Crafting a successful chatbot that truly resonates with any given target audience requires extensive research and critical input from a whole host of internal stakeholders. Many businesses fall into the trap of running their chatbot in a silo, typically within a marketing department, and neglect to seek direction, ideas, proposals from design or product or sales teams. The result can be an inauthentic conversational experience completely out of tune with buyer intent or buyer needs. Not a great look.

Setting and Forgetting

Chatbots are founded upon the power of artificial intelligence (AI). And suffice it to say: new innovations in that space are springing up almost constantly – brands must keep a pulse on technological trends and be prepared to tweak and fine-tune their chatbots in line with market developments.
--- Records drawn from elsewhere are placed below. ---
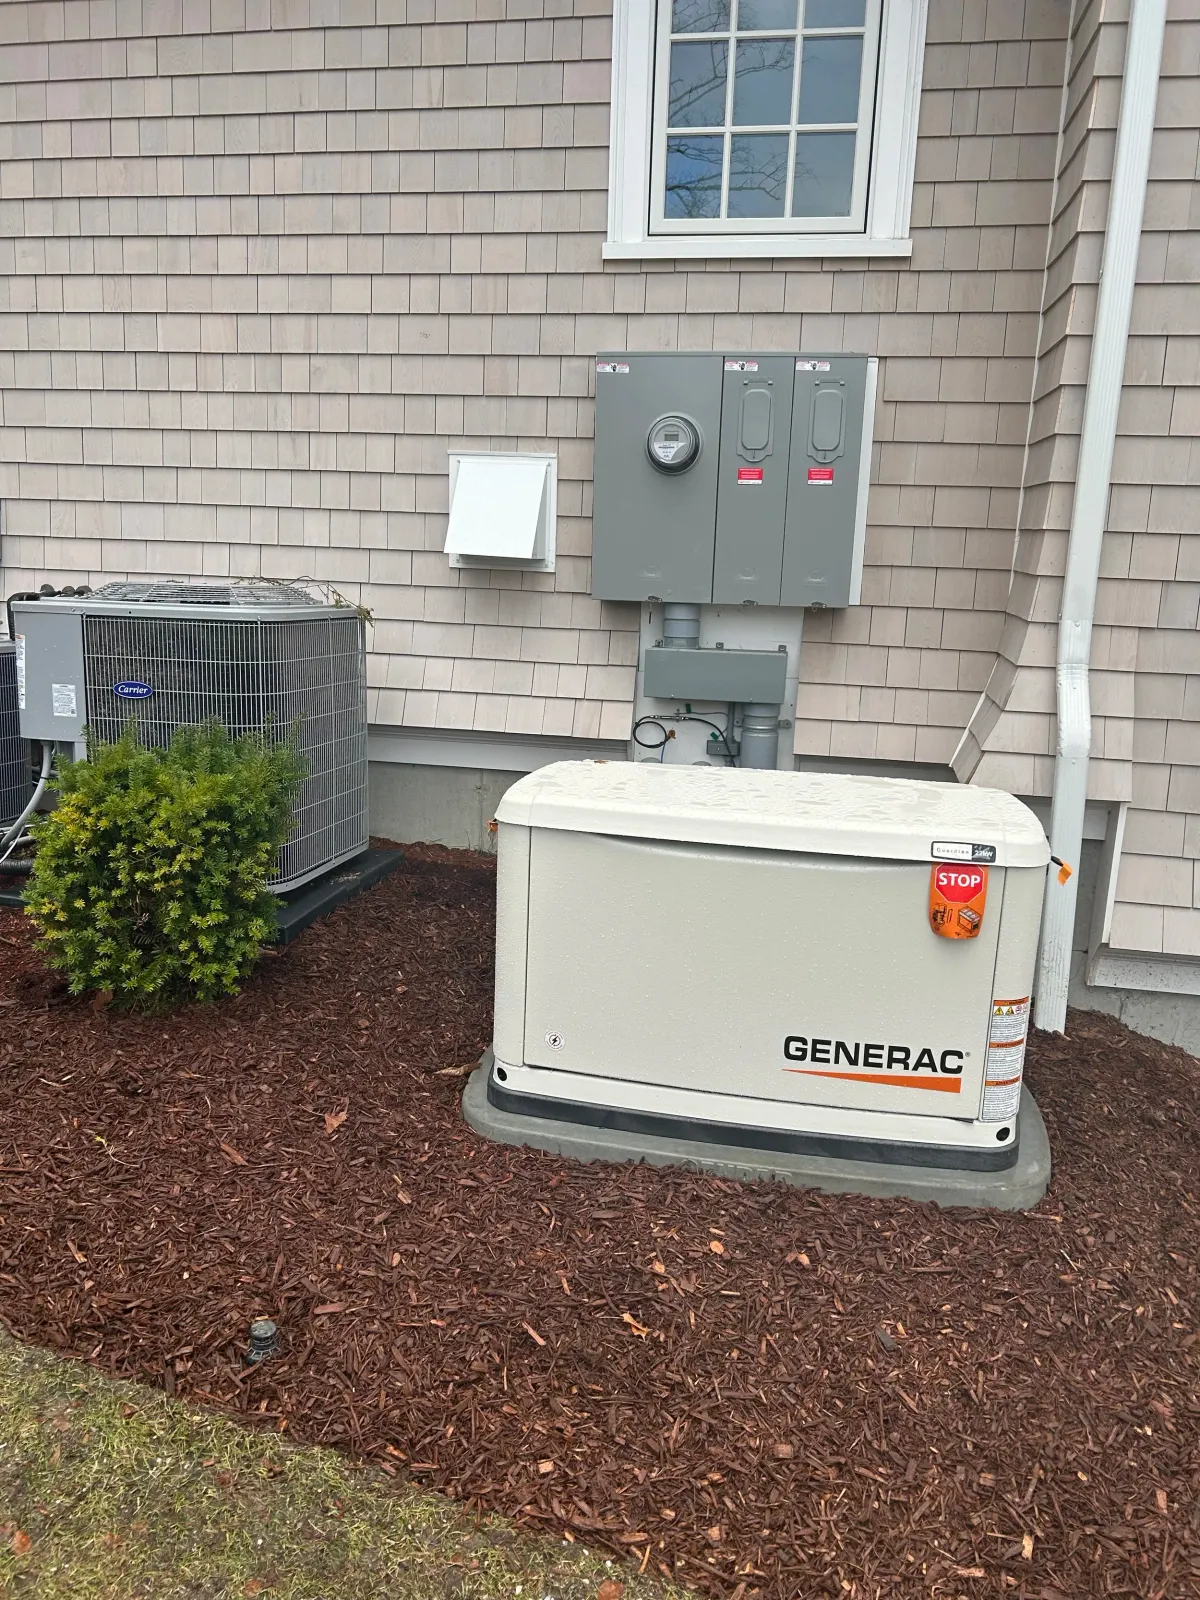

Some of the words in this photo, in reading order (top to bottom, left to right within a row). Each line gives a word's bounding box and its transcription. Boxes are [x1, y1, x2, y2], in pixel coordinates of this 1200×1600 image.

[118, 685, 149, 694] Carrier
[936, 847, 970, 855] Guardian
[938, 872, 981, 888] STOP
[783, 1035, 964, 1075] GENERAC
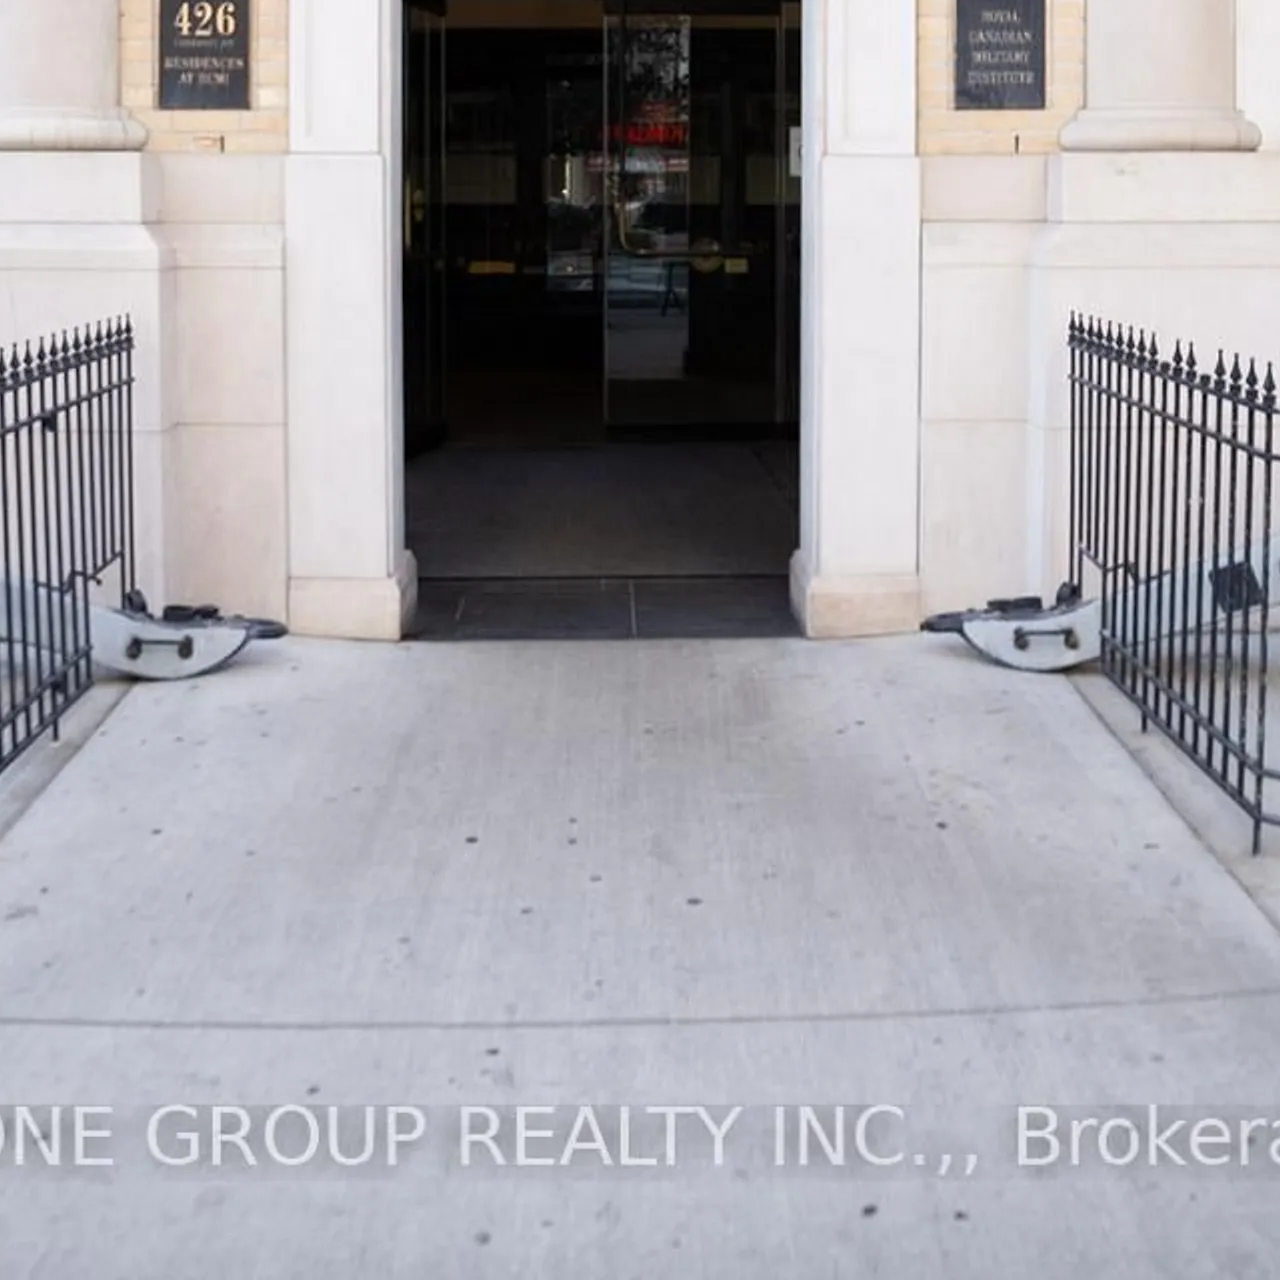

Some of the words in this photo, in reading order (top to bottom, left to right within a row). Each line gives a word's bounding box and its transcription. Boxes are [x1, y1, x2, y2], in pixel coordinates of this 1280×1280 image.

[173, 1, 236, 37] 426
[969, 31, 1033, 44] CANADIAN
[971, 50, 1030, 64] MILITARY
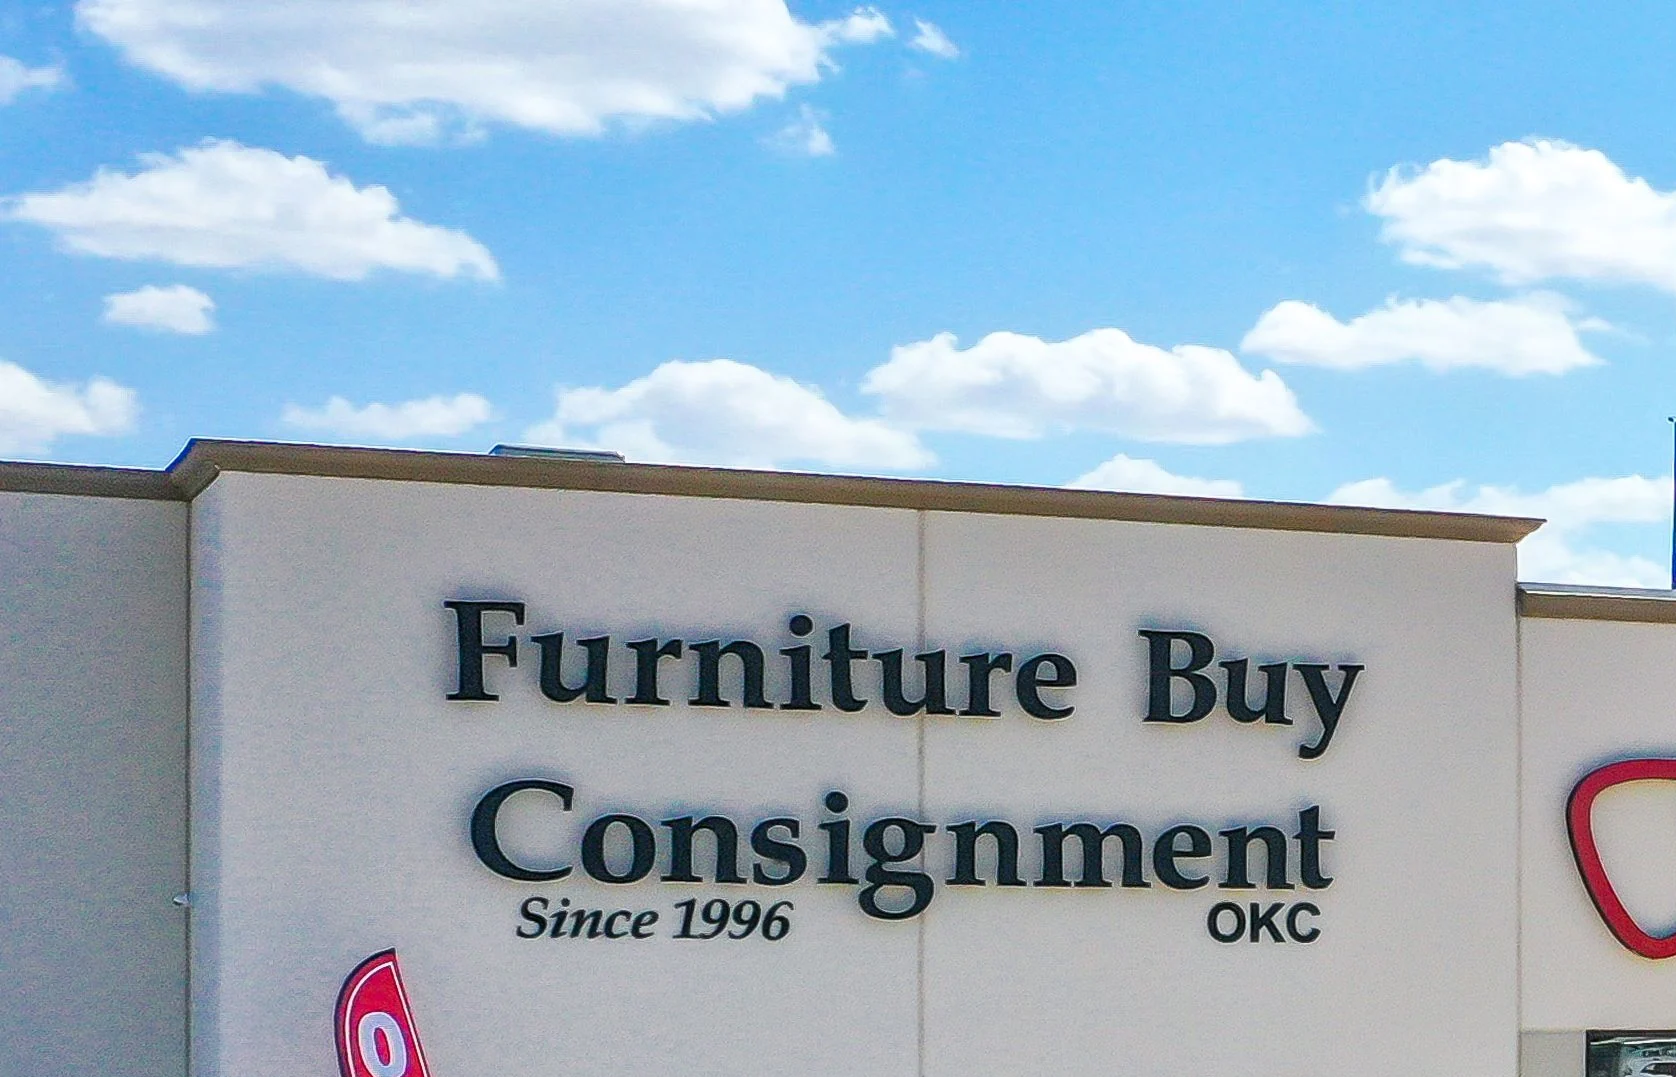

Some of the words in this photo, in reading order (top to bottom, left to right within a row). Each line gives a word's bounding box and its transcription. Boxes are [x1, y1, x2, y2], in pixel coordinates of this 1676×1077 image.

[444, 599, 1077, 722] Furniture
[1138, 629, 1365, 760] Buy
[470, 779, 1336, 921] Consignment
[515, 897, 659, 943] Since
[673, 897, 793, 943] 1996
[1207, 900, 1323, 945] OKC
AI is getting smarter all the time and a failure to keep pace with change is to risk falling behind the competition. It’s also important to regularly revisit and adjust the content within the chatbot workflow based on support insights, company updates, new product releases, consumer feedback, etc. In essence, introducing this tool is not a set it and forget it job; it needs ongoing attention and iteration.

“Sandy”: A Chatbot Case Study

Of course, not every brand gets caught up in these chatbot snares. There are those who have got the experience absolutely spot on.

Case in point: loveholidays and their aptly named virtual assistant, Sandy.

Indeed, Sandy stands tall in the world of automated conversational tools, in large part owing to its ability to hyper-personalise interactions. This chatbot, which is central to loveholidays’ support ecosystem, has been trained to greet every customer personally by name and tap into data the company holds about them (for example, purchase history) to craft a customised conversation that flows naturally.

The outcomes speak for themselves: a 70% resolution rate made all the more impressive given that loveholidays is the third largest travel agency in the UK, processing literally millions of conversations. Sandy has been proven to outperform human agents across a number of key metrics, including resolution time, time to handle inquiries, and overall customer satisfaction scores. It is also – incredibly – driving increased revenue for loveholidays through the upselling campaign built into its conversational framework. Proof that when executed right, chatbots can deliver a host of positive business outcomes.